A simple dairy free and healthy recipe for Carrot Muffins! Loaded with grated carrots, chopped walnuts, spices and just a hint of sweetness. Soft, whole grain and a delicious part of a healthy breakfast.
Anyone else looking forward to the changing of the seasons?! Spring in Michigan is like a box of chocolates – ya never know what you’re gonna get.
But one thing’s for sure – springtime is synonymous with all things carrots. So I made you healthy carrot muffins!
These are like your favorite carrot cake but in muffin form and actually pretty healthy! I’m talking whole grain flour, sweetened with maple syrup healthy omega-3’s from walnuts and good ole beta carotene – in this case, in the form of CARROTS, of course.
What makes these carrot muffins “healthy?”

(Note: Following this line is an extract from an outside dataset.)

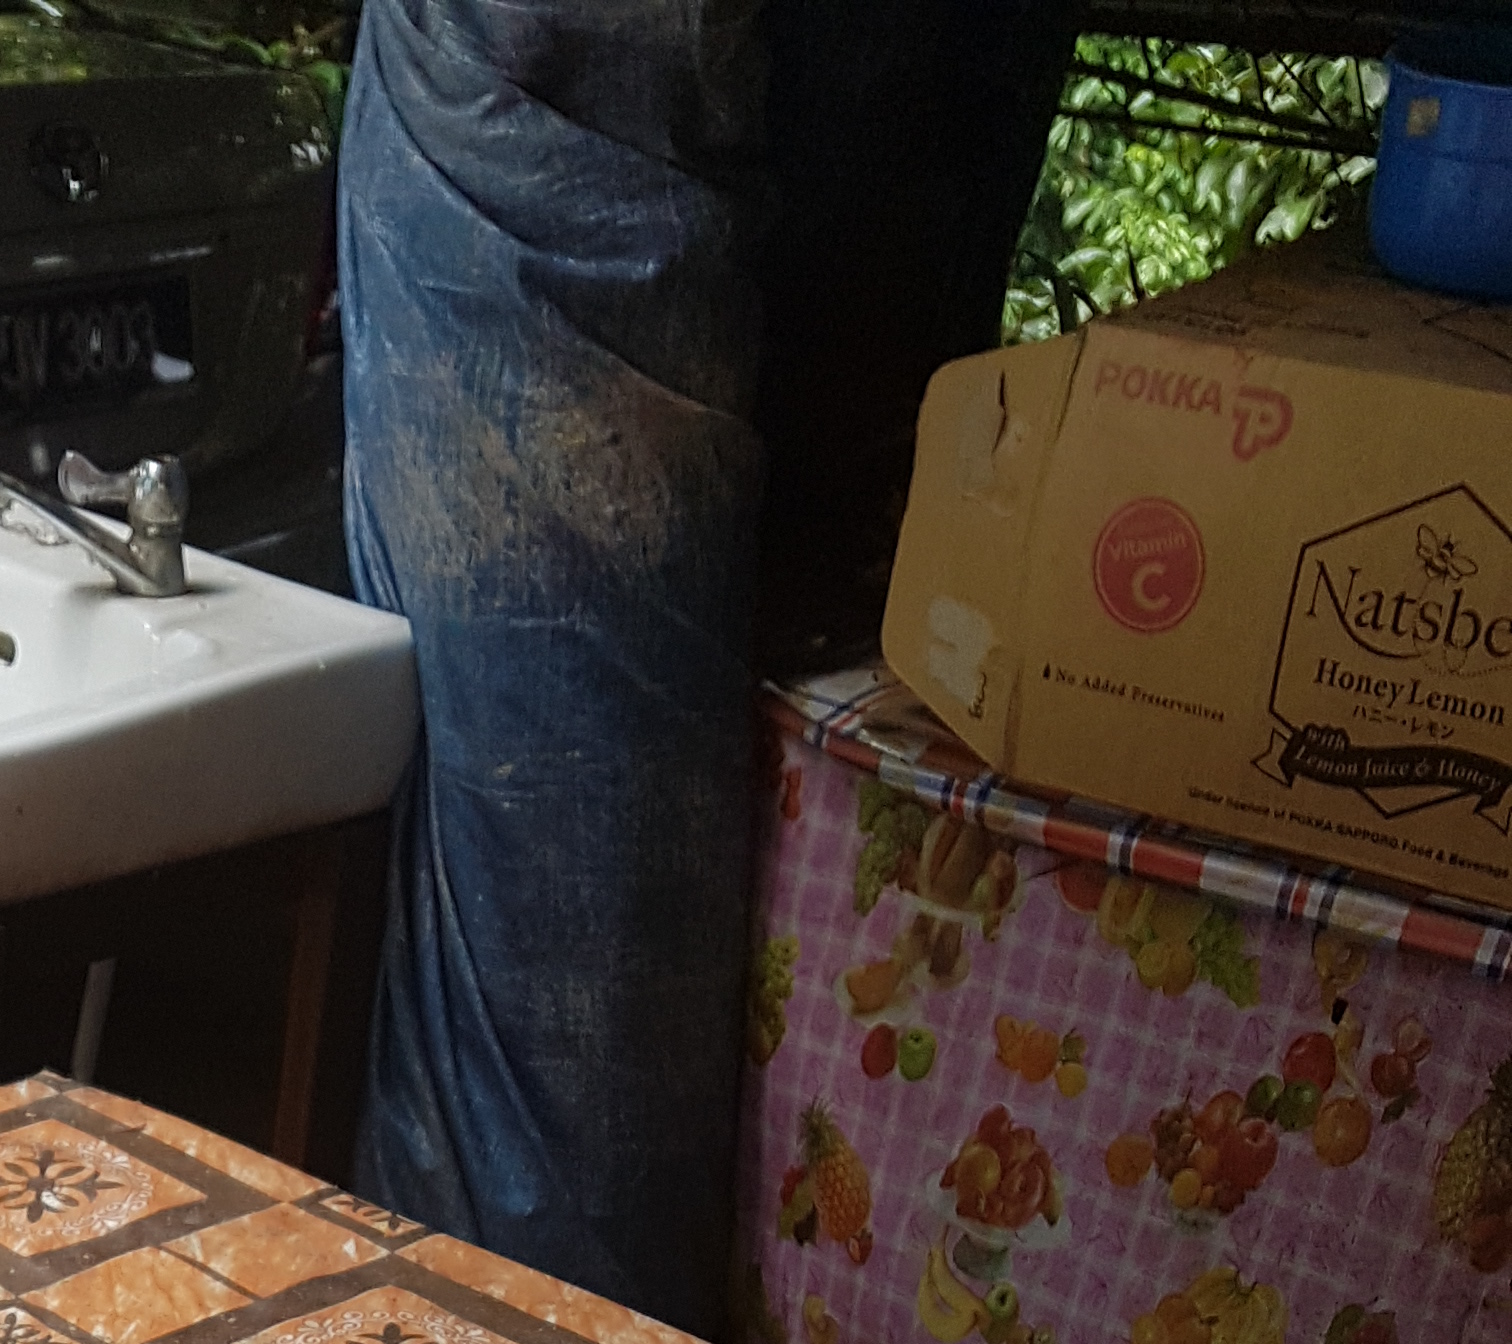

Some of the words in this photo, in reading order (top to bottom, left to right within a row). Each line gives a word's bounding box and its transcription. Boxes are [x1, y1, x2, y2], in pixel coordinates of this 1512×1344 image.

- Well, we’re using a whole grain flour that isn’t as processed and stripped of nutrients like a bleached all-purpose.
- We’re also using less sugar than a traditional muffin recipe.

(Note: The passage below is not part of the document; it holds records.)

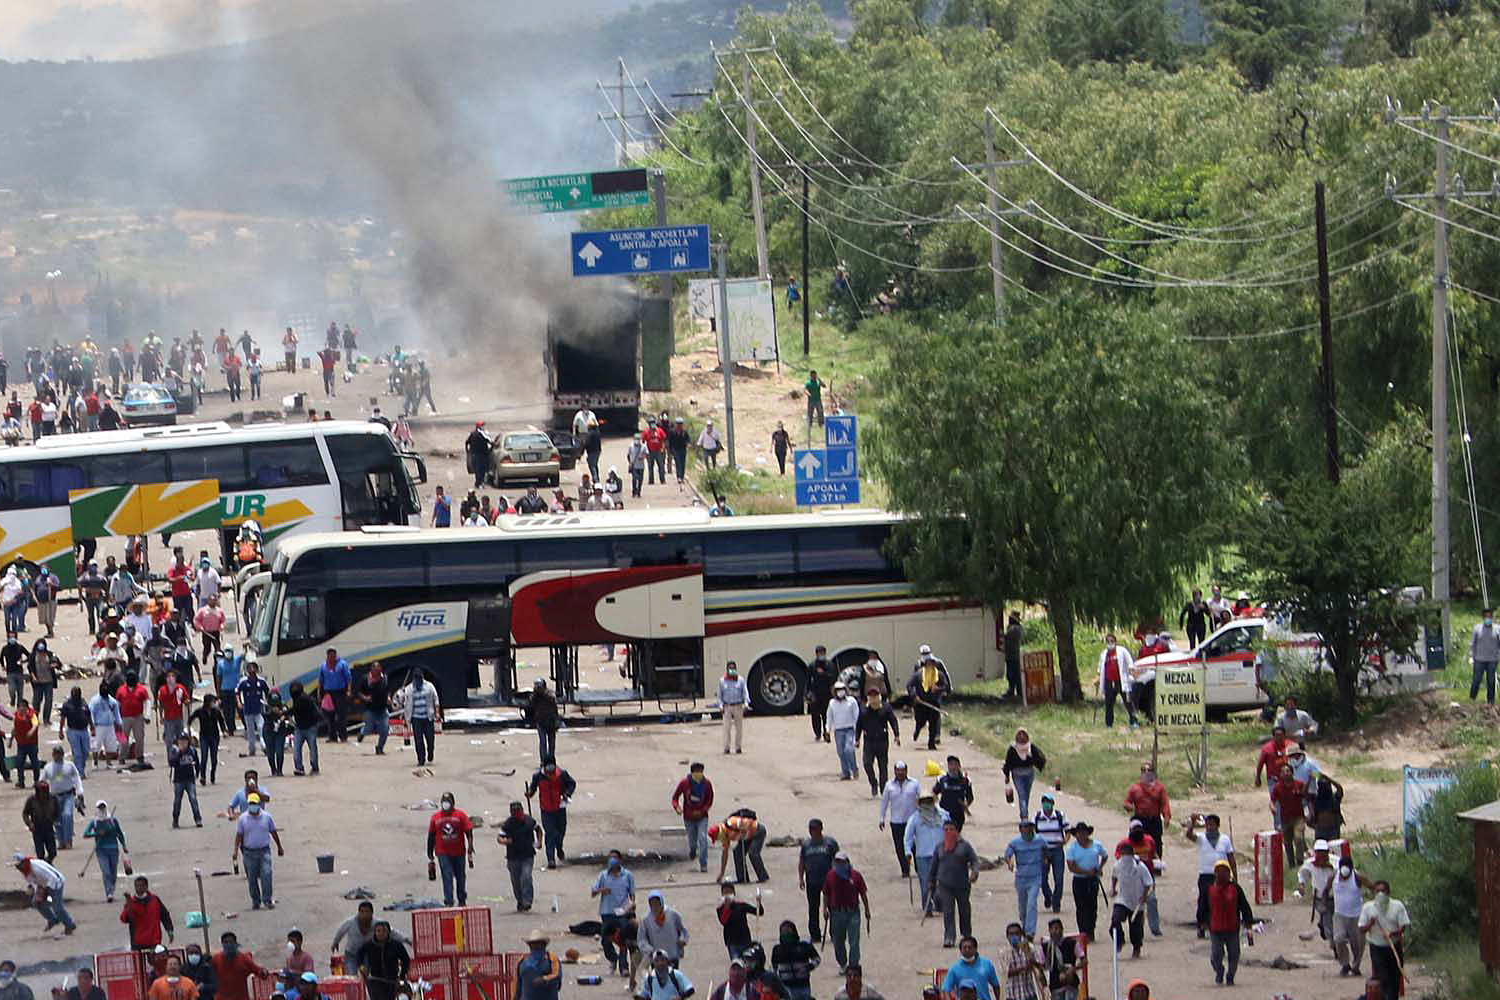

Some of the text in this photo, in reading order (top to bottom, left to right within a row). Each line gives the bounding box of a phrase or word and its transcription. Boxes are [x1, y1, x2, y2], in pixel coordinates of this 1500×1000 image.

[651, 229, 699, 240] NOCHIXTLAN
[807, 482, 848, 493] APOALA
[1164, 672, 1196, 685] MEZCAL
[1160, 694, 1200, 705] Y CREMAS
[1158, 713, 1202, 726] DE MEZCAL

- Carrots are healthy, obviously.
- A lower amount of oil needed and adding a non-dairy milk to balance out the moisture.
I even topped these carrot muffins with a melted coconut butter glaze, reminiscent of cream cheese frosting…
Here’s What You Need
- whole wheat pastry flour – you can also use all whole wheat white, or even unbleached all-purpose. If using all-purpose, add 2 more tablespoons though.
- baking soda & baking powder – to get the right lift.
- salt – to add flavor and balance sweetness
- cinnamon, nutmeg, all spice and cloves – all the spices you know and love in a traditional carrot cake.
- oil – you can use olive, melted and cooled coconut, sunflower, avocado – whatever you have on hand works as long as it’s fairly mild in taste.
- eggs – you’ll need two large eggs here – room temperature is best for even mixing. Vegan option: best replacement is flaxseed eggs. You’ll add 2 TBSP milled flaxseed with 1/3 cup + 1 tablespoon water.
- vanilla – always a good addition when it comes to baked goods like muffins and quick breads!
- non-dairy milk – You can use whatever you have on hand. If looking to make this recipe nut-free, simple omit the walnuts and use soy, hemp or oat milk.
- grated carrots – use the smaller side of the grater for small shreds that will easily mix in. Kids won’t even know there are carrots in these muffins.
- chopped walnuts – we chopped these up fairly small so you get just the right amount of texture in each bite.
Let’s Make these Healthy Carrot Muffins
Get out all of your ingredients, measuring cups, preheat the oven to 425ºF and let’s get started.
Step 1 – mix dry ingredients
First you’ll mix together all of the dry ingredients – flour, spices, soda and salt.
Step 2 – mix wet ingredients
Now you’ll mix the wet ingredients together (separately) in a large bowl, minus the milk.
- Oil + maple syrup + eggs +vanilla.
Step 3 – mix + add carrots & walnuts
Begin adding the dry ingredients to the wet, just about half of hte flour mixture. Give the batter a couple stirs, then add the rest of the flour along with the milk.
Now fold in carrots and walnuts until combined.
STIRRING TIP: Don’t overdo it. Whole grain muffins will end up more dense the more you stir. Stir the milk in with some dry spots remaining, then those should disappear as you fold in carrots and walnuts.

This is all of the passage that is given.